In 1940, the Clay Pruett gate was used at Woodbine for the first time. To begin a race, the starter activated bomb release gates (does that sound soothing to the fractious horse?). In the Plate that year, Ring Wise, a 13-1 shot, was backing out of the gate as the starter pressed the button. The Ontario Jockey Club sustained scathing criticism for not offering a refund to the poor bettors who had backed Ring Wise.
As just about every starter on the continent tried his hand at inventing a functional gate, perhaps the most bizarre contraption came courtesy of Mills and Frend, who in 1951 unveiled their moving starting gate at Rockingham Park. This gate had the horses loaded into stalls and then the whole machine would lurch forward at about four miles an hour towards the starting line at which point the doors
would be released and the horses, reaping the benefit of a walking start would burst evenly from the gate. Or so one hoped.
In the forties, the mechanical Clark gate was used effectively in Canada. As the accompanying photograph attests, the starter (upper right by the number 1) pushed a lever which opened the stalls.
Since the early fifties, however, there has been little change in the technology of starting gates, simply because the implementation of electro-magnetism is the ideal solution. In fact, the main starting gate at Woodbine is the same one used on opening day in 1956. It’s probably had a few coats of paint, but the principal remains the same. Batteries send an electric current through each stall. When the doors are closed, they are held by the electrically created magnets. When the starter presses the button, the juice is cut off, the magnets lose their hold and each stall opens simultaneously.
Woodbine’s starter is Shane St.
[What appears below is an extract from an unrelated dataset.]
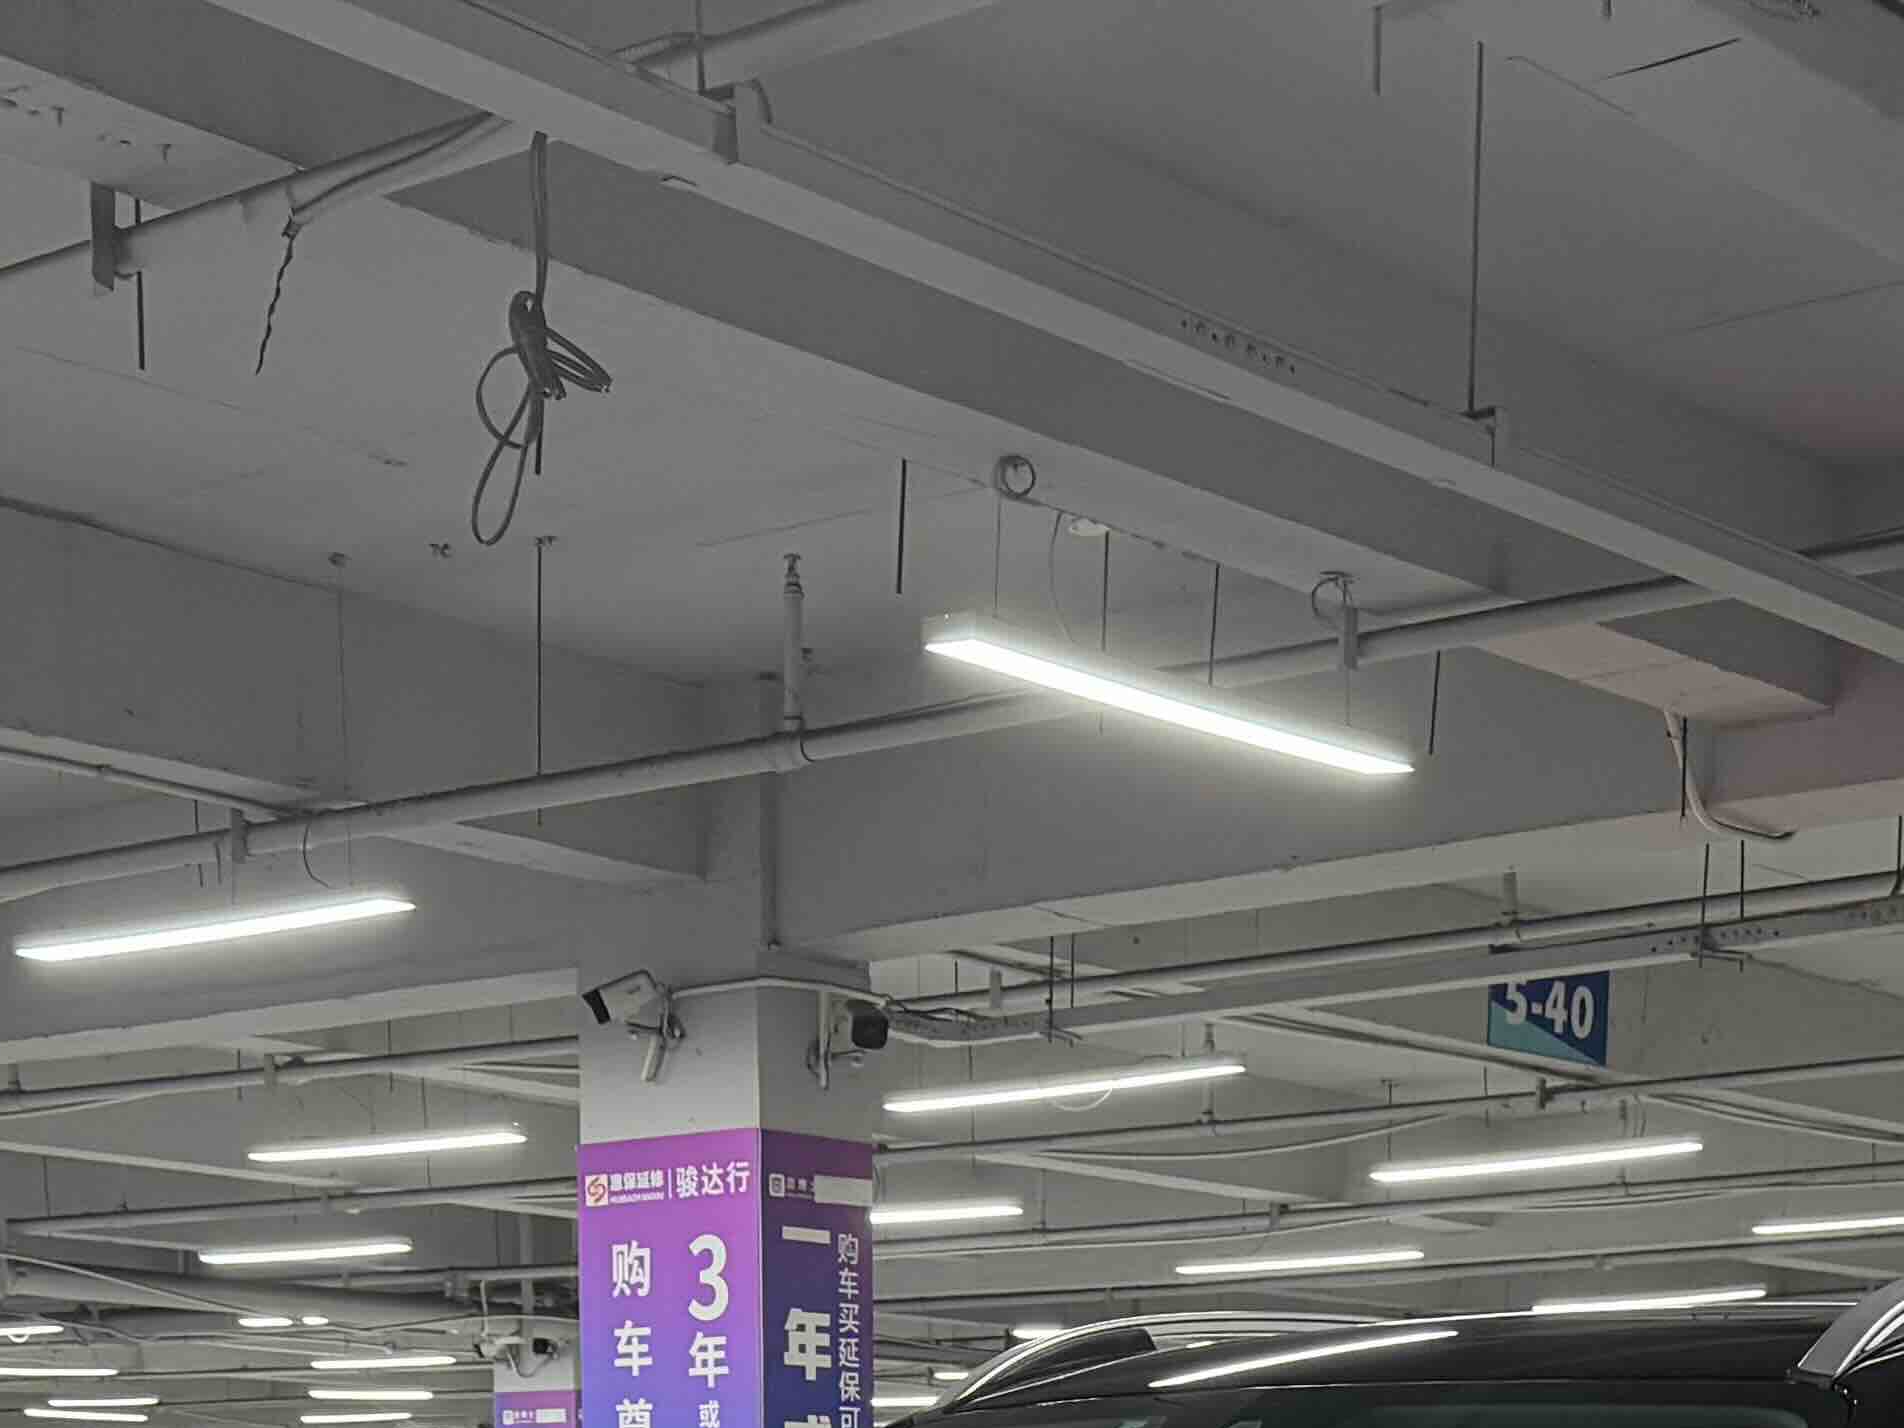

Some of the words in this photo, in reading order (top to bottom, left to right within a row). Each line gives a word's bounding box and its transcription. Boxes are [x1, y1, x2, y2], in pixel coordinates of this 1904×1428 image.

Pierre and when it comes time to put horses into the starting gate, he’s like Santa Claus.
He’s making a list and checking it twice
He knows if you’ve been naughty or nice!
“I keep a log,” says St. Pierre,
“I have a schooling list in the race office for bad horses. If a horse is a bad actor in the afternoon, he goes on the
starter’s list and can’t run again until he comes back to school.”
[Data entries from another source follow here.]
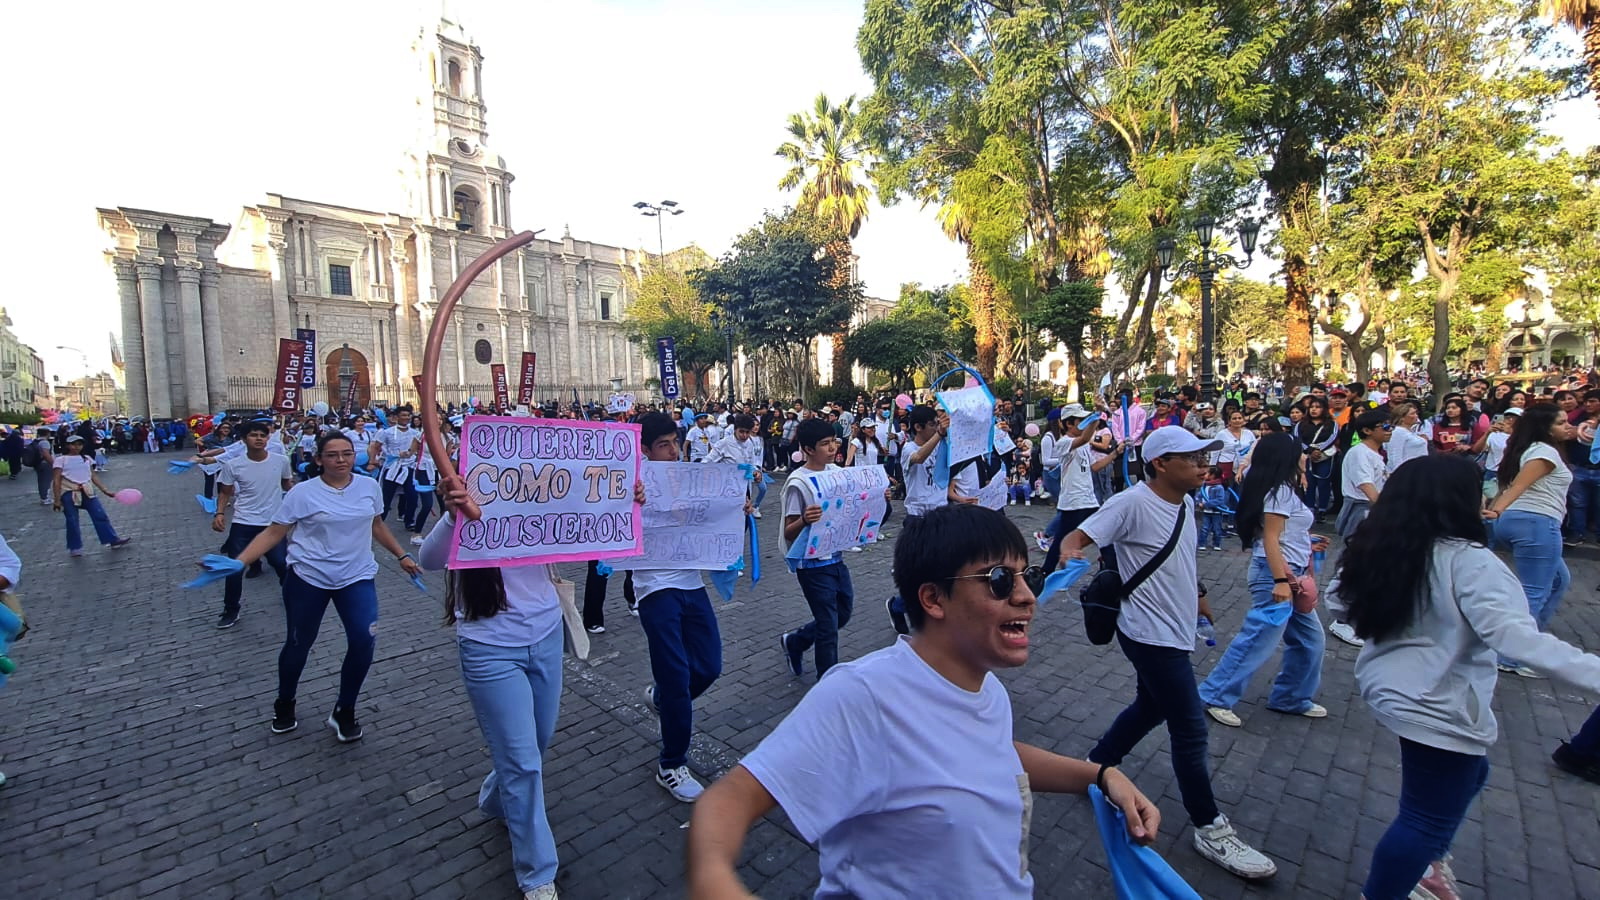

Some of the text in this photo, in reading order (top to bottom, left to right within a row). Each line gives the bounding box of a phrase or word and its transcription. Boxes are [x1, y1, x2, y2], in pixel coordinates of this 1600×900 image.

[281, 353, 300, 409] Del Pilar
[303, 340, 313, 384] Del Pilar
[522, 362, 534, 404] Del Pilar
[664, 348, 676, 394] Del Pilar
[497, 372, 508, 409] Del Pilar
[466, 463, 627, 505] COMO TE
[459, 512, 634, 550] QUISIERON
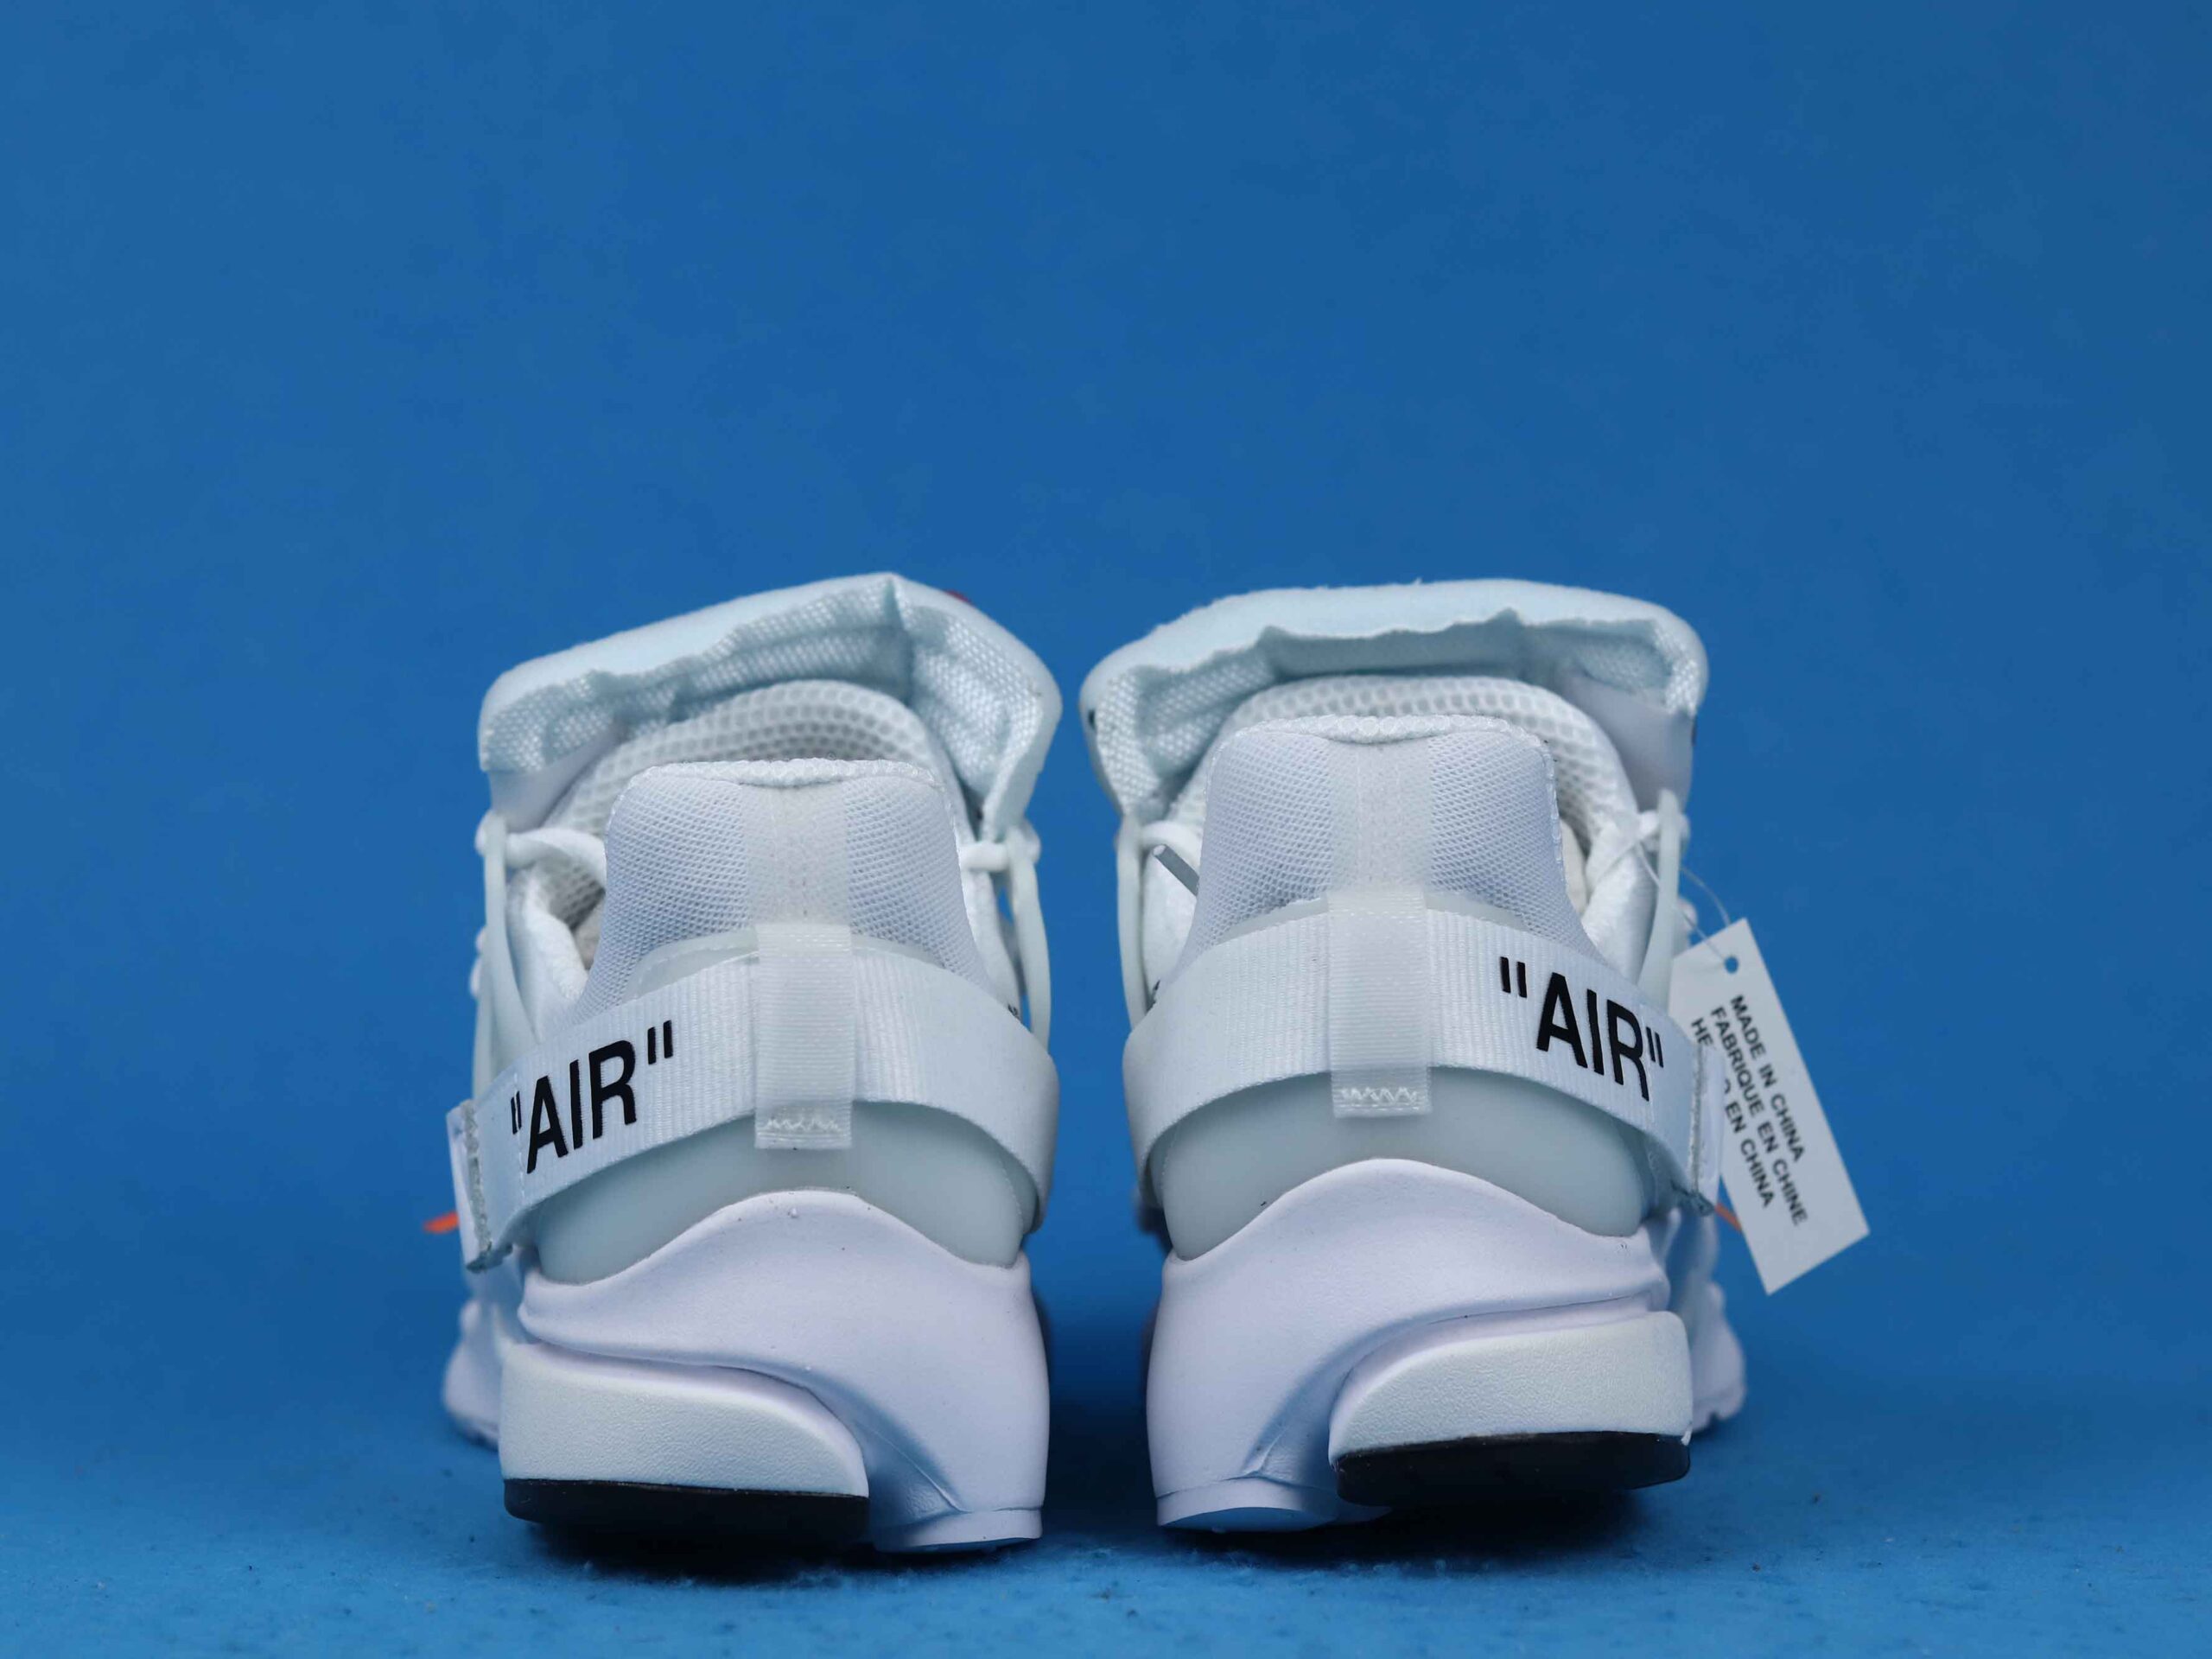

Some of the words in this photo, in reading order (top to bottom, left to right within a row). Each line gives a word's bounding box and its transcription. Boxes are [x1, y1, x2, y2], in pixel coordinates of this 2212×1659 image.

[510, 1020, 674, 1174] "AIR"
[1500, 956, 1664, 1102] "AIR"
[1731, 995, 1766, 1059] MADE
[1759, 1064, 1777, 1088] IN
[1771, 1093, 1805, 1162] CHINA
[1711, 1007, 1765, 1116] FABRIQUE
[1757, 1121, 1779, 1154] EN
[1773, 1159, 1808, 1226] CHINE
[1725, 1100, 1747, 1134] EN
[1740, 1139, 1775, 1208] CHINA
St. Pierre has nine full-time guys and a few spares to help convince several tons of horseflesh to walk in a dignified fashion into a starting gate. And don’t go applying for a job with St. Pierre if you’re offended by pain.
“I’ve seen horses flip over backwards. You get kicked, you get jumped on, you get beat. We got a lot of bruises. We take a bit of a beating,” says St. Pierre.
For years, it was normal to load the horses from the inside out, but St. Pierre prefers to speed up the process, which benefits horses, riders and fans alike.
“We double load up here. In a ten horse field, I’ll try and load 1, 6, then 2,7, then 3, 8 etc. The whole idea is to get them in quicker. If I have a real bad actor I’ll load him last. Some horses I’ll back in because they refuse to go in the normal way. Some horses I have to blindfold to get in. It’s just a psychological thing.”
It’s when all the horses have been loaded that St. Pierre’s unique skills come into play. He has to determine the precise moment when all the horses are ready to go. Racing fans are used to the yelling that takes place moments before a race starts. It’s the jockeys or assistant starters begging for a few more seconds.
“Wait boss! No Boss! Not ready boss!”
And much like the starting gate itself, the gate crew goes unnoticed unless something goes wrong like a horse breaking through the gate and running off or flipping and pinning an unlucky jockey or crew member.
This month’s Queen’s Plate will be the 50th held at Woodbine and every contending horse since 1956 has jumped out of the same starting gate. If you do the math you will see that amounts to about 85,000 times that the starting gate has worked successfully.
We should all have that kind of longevity and reliability.